On Mon, 28 Nov 2005 14:51:48 +0100, TISLER Zaromil <[EMAIL PROTECTED]
AUSTRIA.COM> wrote:
>Bill,
>
><----- snip ----->
>The existence of signalling
>connectivity created a race condition, in which MVSA and MVSB were
>competing to detect and report the loss of access to the CDS at their
>respective sites. MVSB won the race, detecting and signalling the loss of
>the primary CDS before MVSA detected loss of the alternate. MVSA got
>MVSB's signal, initiated removal of the primary, and then detected the
>inaccessibility of the alternate.
><----- snip ----->
>
>What would happen if MVSA got the race? Would MVSB try to access the
primary
>during acknowledgment of the removal of the alternate CDS? If not, could
it
>survive the loss of connectivity to primary if it (connectivity loss)
would
>be short enough?
Zaromil,
The mirror-image problem would have occurred. MVSA would have
initiated the removal of the alternate, signalling its failure to MVSB.
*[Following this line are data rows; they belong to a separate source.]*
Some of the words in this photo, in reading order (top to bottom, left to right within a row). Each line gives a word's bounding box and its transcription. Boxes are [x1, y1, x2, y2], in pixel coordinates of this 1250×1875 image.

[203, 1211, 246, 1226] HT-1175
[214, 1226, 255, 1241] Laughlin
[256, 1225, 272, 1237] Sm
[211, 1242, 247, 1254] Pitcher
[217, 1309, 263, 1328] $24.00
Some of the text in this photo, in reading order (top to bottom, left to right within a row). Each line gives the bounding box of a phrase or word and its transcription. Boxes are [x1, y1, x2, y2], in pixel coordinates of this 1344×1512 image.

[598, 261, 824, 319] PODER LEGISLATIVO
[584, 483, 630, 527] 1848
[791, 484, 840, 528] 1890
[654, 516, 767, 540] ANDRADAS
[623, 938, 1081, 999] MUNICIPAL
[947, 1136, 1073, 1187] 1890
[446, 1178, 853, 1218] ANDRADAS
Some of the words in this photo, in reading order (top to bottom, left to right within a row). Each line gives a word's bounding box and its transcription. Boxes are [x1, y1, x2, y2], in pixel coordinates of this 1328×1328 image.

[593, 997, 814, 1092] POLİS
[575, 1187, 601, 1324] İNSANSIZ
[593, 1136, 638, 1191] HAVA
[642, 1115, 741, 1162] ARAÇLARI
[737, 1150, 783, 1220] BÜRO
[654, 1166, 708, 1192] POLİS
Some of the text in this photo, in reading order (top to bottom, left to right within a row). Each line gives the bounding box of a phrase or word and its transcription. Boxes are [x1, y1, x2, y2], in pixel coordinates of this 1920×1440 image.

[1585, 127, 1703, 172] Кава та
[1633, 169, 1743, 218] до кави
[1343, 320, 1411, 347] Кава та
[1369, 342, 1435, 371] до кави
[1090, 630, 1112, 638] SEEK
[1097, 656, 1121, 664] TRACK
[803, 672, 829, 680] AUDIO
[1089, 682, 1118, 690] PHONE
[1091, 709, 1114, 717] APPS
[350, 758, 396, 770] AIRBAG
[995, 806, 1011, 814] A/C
MVSB would have dutifully begun removing it, and, either in the removal
process or independently at its next heartbeat interval, discovered that
the primary was inaccessible. MVSB would then wait state, leaving MVSA
waiting for a response to its signal.
If the connectivity loss lasts long enough for the I/O subsystem to
reject an access attempt with a permanent I/O error completion code, the
process is irreversible. That must be what happened in Gil's case.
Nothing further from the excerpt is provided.